LOCAL BREWERIES BOOM

Craft breweries are having a moment in Australia as drinkers look beyond legacy brew brands.

After a bruising 12 months for the hospitality industry generally, it appears as if craft brewers are still going from strength to strength on the back of booming demand.

On Thursday, inner Sydney outfit Batch Brewing revealed sales had grown 7% despite the pandemic. Having already raised $1.1 million from investors on platform Equitise in just 48 hours, the brewery has now opened the round to the public.

Co-Founder Andrew Fineran said he was “blown away” by the support as his team look to ramp up production, expand throughout New South Wales and Australia, and eventually begin opening new venues.

The story is hardly an outlier. At the same time that beer behemoths like Heineken are reporting declining sales, small brewers are enjoying their time in the sun, according to new data from payments platform Square.

“Mainstream beer brands are seeing dips in sales, and at the same time transaction data is showing that craft breweries using Square saw median growth of 202% during the third quarter in 2020, compared to the year prior,” Australia head of business development Colin Birney told Business Insider Australia.

Birney attributing it in part to “a big shift toward local-first spending habits this year”.

“To me, it’s not surprising: the craft beer community is incredibly tight-knit, and brewers do an amazing job of building close relationships with their customers,” he said.

Stone the crows

Whether it is from investors or craft beer connoisseurs, the demand is palpable.

Just ask one of the country’s newest brewers, Flamin Galah. The brewer, located on the shores of Jervis Bay, opened its doors in March last year, on the cusp of the pandemic.

“We had planned to initially just sell kegs wholesale, but almost straight away every pub and bar around us shut,” Claire Hewson, who co-founded the brewery with husband Sam.

Instead, the two were forced to quickly dropped the idea and started filling two-litre growlers and selling direct to the Huskisson locals. The ambition was to create beer for all matter of tastes, launching seven beers ranging from pale ales to those imbued with raspberry or pineapple and pear.

“Sam is our brewer, and he gets pretty creative with our recipes and tries to do something a bit outside the box,” Hewson said. “People have such different palates that we’re trying to offer something tantalising for everyone.”

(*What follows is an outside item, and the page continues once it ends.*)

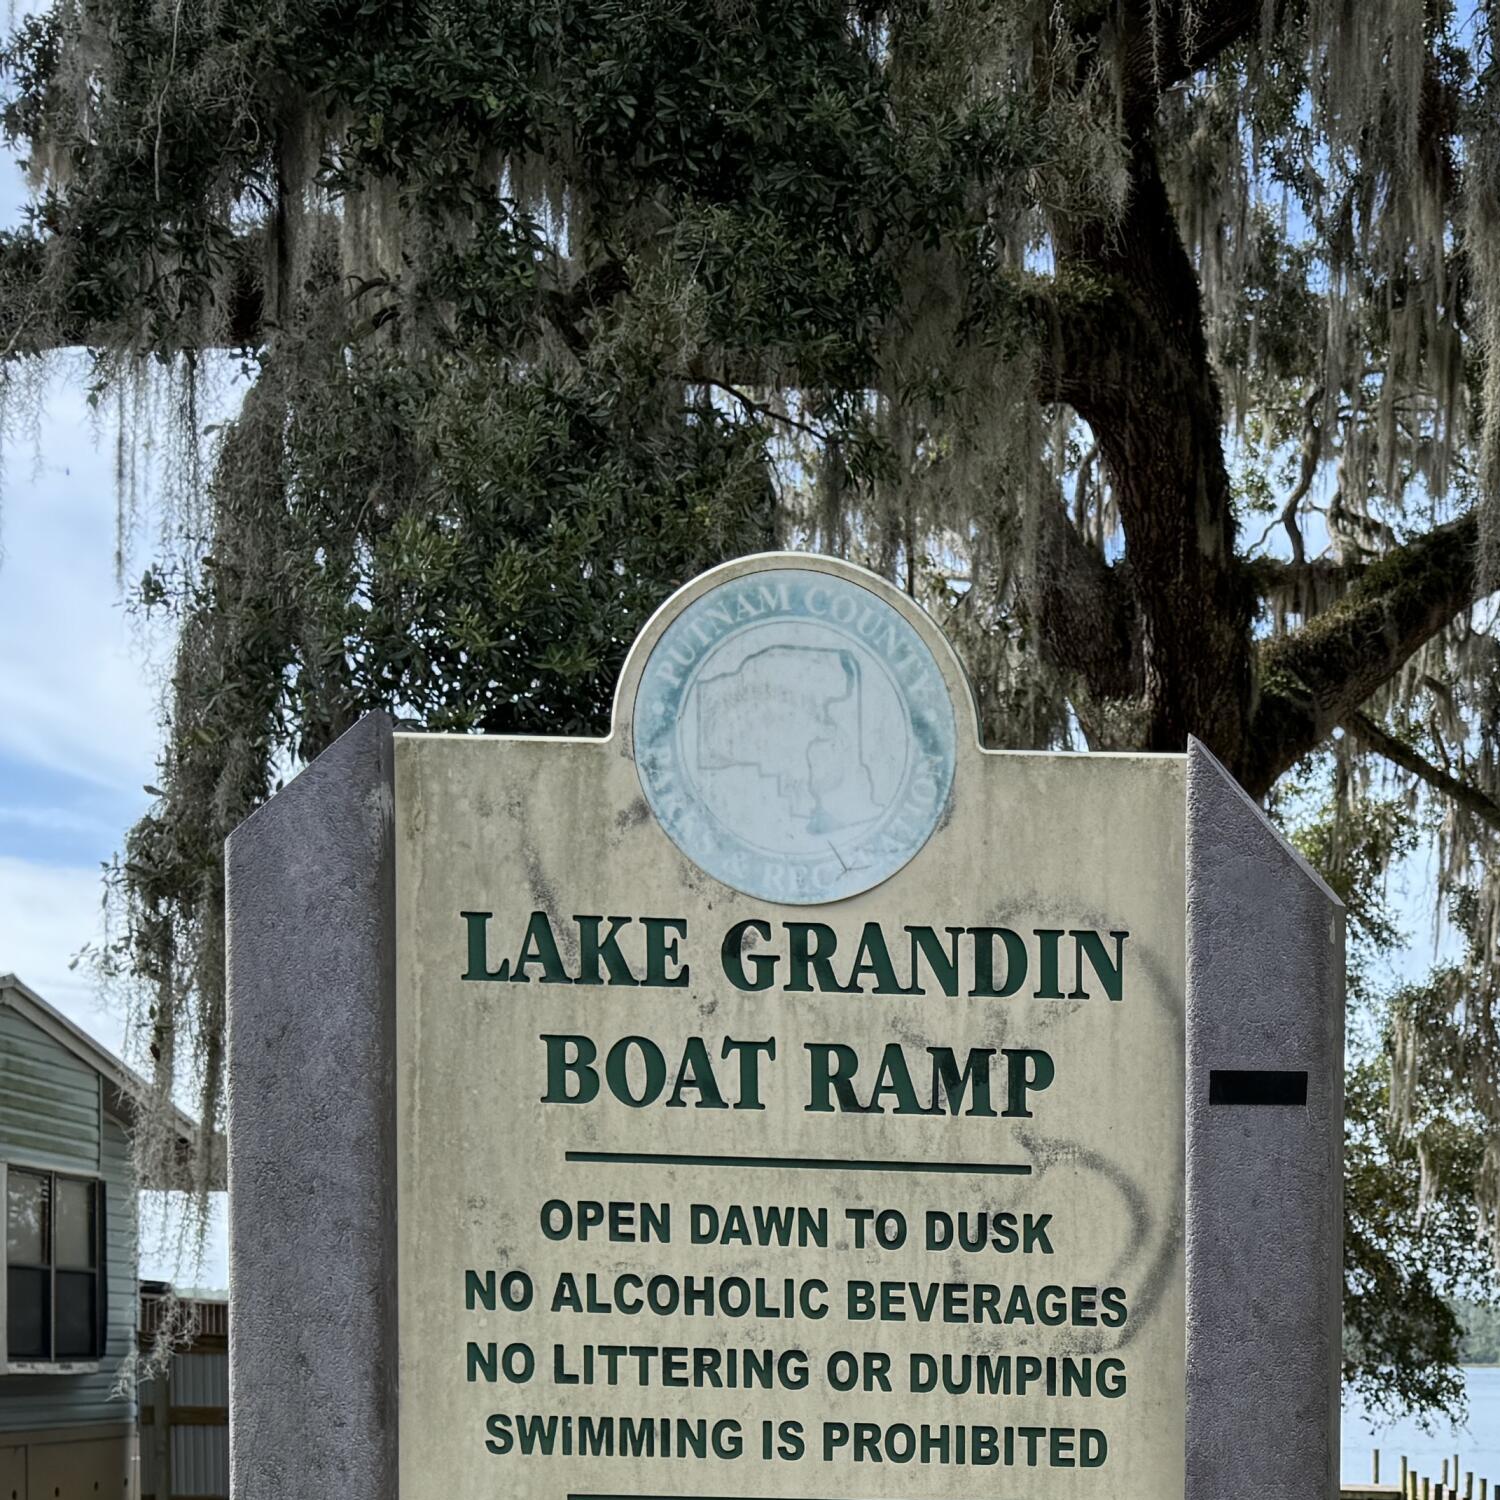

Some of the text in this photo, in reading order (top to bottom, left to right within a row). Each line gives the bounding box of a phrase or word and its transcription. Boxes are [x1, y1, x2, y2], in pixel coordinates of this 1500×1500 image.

It’s a strategy that is clearly working. By June, Flamin Galah had a proper canning operation and quickly found they couldn’t keep up with orders.

“We have a pretty tiny system so can only do about 6,000 litres a month,” Hewson said. “We would can that and then wholesale it to local bottle shops in Sydney and Canberra and by the time we would brew again, all of those cans would have sold out.”

As a result Flamin Galah is moving to a second premise just 12 months after it opened its first. Expected to be completed next month, the new brewery will produce almost five times as much beer to sate its growing fan base.

“The vision is to eventually become one of the biggest breweries in Australia,” Hewson said.

“It’s such a hard industry to be in but, if you’ve got the guts to do it, I feel like you can turn a brewery into something pretty amazing.”